__Aim of the exercise__
Each line from the one containing "this 2212×1659 image." onward, through the end of the entries, is to be transcribed exactly; nothing else is to be included.

START Source information

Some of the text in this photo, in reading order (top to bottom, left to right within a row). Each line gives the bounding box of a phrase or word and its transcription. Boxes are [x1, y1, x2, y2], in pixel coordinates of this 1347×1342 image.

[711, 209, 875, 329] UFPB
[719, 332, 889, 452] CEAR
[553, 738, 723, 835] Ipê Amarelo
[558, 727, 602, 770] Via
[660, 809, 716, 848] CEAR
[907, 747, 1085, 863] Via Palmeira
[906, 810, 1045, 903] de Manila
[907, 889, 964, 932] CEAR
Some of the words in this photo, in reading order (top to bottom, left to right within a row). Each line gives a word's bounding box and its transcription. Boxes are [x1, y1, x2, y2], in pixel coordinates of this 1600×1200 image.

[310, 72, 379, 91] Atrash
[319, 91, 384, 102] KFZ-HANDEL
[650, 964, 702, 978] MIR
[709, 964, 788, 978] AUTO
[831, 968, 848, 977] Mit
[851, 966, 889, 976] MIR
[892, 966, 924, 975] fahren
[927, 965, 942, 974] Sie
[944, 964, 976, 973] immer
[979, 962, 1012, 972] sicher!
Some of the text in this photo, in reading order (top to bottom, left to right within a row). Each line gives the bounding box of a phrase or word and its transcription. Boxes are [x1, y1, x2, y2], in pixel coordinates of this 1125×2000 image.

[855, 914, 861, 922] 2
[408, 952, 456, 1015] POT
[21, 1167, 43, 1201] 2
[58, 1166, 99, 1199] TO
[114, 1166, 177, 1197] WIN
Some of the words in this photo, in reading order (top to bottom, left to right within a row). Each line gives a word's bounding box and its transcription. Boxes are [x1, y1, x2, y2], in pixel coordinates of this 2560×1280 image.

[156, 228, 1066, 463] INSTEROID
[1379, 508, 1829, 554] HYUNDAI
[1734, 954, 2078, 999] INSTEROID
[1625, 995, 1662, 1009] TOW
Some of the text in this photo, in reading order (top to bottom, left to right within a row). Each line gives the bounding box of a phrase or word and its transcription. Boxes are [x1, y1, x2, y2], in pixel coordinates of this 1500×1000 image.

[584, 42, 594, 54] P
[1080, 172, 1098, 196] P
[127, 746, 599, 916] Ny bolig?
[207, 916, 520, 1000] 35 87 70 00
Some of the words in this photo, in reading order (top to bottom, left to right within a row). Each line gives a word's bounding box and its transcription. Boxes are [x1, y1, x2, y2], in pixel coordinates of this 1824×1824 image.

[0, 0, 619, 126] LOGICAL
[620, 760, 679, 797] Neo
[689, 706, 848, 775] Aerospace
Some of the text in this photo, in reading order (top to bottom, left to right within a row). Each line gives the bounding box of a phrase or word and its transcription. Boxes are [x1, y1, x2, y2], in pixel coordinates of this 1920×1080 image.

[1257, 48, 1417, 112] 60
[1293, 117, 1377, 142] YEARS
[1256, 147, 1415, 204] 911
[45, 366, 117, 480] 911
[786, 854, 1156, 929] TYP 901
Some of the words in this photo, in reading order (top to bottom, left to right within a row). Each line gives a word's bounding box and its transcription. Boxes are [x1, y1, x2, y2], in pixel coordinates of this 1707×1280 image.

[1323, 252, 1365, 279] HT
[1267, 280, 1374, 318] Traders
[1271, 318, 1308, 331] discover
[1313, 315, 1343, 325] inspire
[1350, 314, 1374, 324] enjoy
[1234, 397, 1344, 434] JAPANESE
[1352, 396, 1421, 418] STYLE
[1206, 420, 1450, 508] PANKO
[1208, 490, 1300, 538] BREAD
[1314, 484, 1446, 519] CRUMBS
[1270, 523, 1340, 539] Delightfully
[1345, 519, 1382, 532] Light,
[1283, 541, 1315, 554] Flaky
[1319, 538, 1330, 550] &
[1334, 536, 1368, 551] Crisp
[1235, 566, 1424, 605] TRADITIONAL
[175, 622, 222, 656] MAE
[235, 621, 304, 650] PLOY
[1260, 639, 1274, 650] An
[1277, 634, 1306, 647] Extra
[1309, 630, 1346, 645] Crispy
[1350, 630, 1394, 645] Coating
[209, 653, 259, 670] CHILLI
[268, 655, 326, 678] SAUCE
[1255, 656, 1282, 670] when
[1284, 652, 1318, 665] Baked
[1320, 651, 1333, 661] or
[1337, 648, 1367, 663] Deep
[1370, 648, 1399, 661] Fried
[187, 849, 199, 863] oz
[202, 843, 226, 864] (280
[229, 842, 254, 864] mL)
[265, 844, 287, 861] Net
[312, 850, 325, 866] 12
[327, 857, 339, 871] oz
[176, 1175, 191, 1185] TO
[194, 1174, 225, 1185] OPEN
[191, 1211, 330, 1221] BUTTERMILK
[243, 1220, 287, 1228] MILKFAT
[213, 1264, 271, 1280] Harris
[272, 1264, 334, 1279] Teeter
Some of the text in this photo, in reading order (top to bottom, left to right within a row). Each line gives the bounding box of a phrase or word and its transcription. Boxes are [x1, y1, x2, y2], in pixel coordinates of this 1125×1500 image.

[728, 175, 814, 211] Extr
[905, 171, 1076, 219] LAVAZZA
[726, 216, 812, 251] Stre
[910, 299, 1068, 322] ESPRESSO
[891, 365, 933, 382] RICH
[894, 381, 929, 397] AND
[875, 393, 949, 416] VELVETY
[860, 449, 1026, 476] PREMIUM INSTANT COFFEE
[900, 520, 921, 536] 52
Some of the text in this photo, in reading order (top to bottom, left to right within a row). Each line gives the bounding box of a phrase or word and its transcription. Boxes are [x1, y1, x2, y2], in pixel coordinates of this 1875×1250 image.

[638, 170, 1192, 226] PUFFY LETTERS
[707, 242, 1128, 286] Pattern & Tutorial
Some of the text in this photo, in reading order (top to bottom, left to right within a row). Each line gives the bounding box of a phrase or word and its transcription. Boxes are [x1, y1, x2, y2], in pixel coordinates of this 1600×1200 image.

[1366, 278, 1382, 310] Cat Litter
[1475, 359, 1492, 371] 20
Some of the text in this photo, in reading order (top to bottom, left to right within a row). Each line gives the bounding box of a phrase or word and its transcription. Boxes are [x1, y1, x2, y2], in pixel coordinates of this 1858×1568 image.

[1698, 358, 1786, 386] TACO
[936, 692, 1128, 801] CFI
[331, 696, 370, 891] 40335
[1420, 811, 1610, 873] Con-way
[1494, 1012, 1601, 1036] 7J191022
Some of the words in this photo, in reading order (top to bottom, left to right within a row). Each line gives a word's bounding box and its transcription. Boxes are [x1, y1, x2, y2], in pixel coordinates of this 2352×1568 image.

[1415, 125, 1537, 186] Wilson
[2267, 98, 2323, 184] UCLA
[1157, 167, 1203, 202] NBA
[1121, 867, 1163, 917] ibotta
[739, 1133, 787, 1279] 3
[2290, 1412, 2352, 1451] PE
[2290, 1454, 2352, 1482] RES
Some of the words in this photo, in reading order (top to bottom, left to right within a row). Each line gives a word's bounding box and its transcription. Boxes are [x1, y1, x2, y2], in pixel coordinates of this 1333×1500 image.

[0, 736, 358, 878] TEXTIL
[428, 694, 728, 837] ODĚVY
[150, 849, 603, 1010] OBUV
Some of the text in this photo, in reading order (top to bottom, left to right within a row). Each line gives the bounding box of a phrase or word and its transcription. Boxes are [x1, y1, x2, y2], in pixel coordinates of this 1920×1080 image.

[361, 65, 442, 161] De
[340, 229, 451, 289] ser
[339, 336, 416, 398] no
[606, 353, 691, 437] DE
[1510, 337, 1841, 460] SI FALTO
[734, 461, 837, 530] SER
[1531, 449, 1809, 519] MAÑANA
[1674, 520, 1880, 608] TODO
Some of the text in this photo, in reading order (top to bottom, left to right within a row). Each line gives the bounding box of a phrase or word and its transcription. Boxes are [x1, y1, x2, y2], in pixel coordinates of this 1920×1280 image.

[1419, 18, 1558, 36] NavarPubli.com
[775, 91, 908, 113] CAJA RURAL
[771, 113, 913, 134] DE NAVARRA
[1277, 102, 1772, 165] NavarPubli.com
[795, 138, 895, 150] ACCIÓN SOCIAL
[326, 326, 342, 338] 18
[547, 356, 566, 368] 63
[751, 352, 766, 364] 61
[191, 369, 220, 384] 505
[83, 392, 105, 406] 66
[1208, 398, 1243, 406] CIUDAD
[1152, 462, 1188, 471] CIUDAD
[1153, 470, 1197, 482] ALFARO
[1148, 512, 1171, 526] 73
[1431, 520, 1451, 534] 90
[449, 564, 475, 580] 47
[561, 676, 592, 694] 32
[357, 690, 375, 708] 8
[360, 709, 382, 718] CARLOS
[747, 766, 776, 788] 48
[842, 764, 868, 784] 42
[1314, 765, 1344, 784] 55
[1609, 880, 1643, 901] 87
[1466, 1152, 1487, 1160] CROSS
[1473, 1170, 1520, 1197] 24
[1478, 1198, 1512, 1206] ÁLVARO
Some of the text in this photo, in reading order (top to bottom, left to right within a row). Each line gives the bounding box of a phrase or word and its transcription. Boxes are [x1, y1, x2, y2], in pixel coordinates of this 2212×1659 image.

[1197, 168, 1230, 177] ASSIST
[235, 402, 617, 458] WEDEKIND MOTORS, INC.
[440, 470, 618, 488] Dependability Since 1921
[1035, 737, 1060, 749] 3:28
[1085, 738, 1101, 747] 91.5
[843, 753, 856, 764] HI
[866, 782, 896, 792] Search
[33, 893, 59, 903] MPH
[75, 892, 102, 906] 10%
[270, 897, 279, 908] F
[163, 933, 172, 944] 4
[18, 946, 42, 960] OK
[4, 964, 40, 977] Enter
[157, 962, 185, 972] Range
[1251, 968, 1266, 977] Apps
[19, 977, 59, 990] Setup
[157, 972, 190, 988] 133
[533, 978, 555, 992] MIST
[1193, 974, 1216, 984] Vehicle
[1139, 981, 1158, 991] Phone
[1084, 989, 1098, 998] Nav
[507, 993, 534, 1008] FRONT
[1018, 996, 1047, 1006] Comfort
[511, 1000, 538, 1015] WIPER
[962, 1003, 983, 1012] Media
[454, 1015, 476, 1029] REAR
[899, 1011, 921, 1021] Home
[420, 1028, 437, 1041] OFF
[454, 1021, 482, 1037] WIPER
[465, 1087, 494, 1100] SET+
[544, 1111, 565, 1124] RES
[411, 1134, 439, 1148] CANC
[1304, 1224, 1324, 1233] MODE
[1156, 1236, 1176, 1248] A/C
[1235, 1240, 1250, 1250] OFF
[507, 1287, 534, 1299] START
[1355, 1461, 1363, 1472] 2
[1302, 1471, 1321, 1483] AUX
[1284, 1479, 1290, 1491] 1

END Source information

__Task solution__
Some of the text in this photo, in reading order (top to bottom, left to right within a row). Each line gives the bounding box of a phrase or word and its transcription. Boxes are [x1, y1, x2, y2], in pixel coordinates of this 2212×1659 image.

[1197, 168, 1230, 177] ASSIST
[235, 402, 617, 458] WEDEKIND MOTORS, INC.
[440, 470, 618, 488] Dependability Since 1921
[1035, 737, 1060, 749] 3:28
[1085, 738, 1101, 747] 91.5
[843, 753, 856, 764] HI
[866, 782, 896, 792] Search
[33, 893, 59, 903] MPH
[75, 892, 102, 906] 10%
[270, 897, 279, 908] F
[163, 933, 172, 944] 4
[18, 946, 42, 960] OK
[4, 964, 40, 977] Enter
[157, 962, 185, 972] Range
[1251, 968, 1266, 977] Apps
[19, 977, 59, 990] Setup
[157, 972, 190, 988] 133
[533, 978, 555, 992] MIST
[1193, 974, 1216, 984] Vehicle
[1139, 981, 1158, 991] Phone
[1084, 989, 1098, 998] Nav
[507, 993, 534, 1008] FRONT
[1018, 996, 1047, 1006] Comfort
[511, 1000, 538, 1015] WIPER
[962, 1003, 983, 1012] Media
[454, 1015, 476, 1029] REAR
[899, 1011, 921, 1021] Home
[420, 1028, 437, 1041] OFF
[454, 1021, 482, 1037] WIPER
[465, 1087, 494, 1100] SET+
[544, 1111, 565, 1124] RES
[411, 1134, 439, 1148] CANC
[1304, 1224, 1324, 1233] MODE
[1156, 1236, 1176, 1248] A/C
[1235, 1240, 1250, 1250] OFF
[507, 1287, 534, 1299] START
[1355, 1461, 1363, 1472] 2
[1302, 1471, 1321, 1483] AUX
[1284, 1479, 1290, 1491] 1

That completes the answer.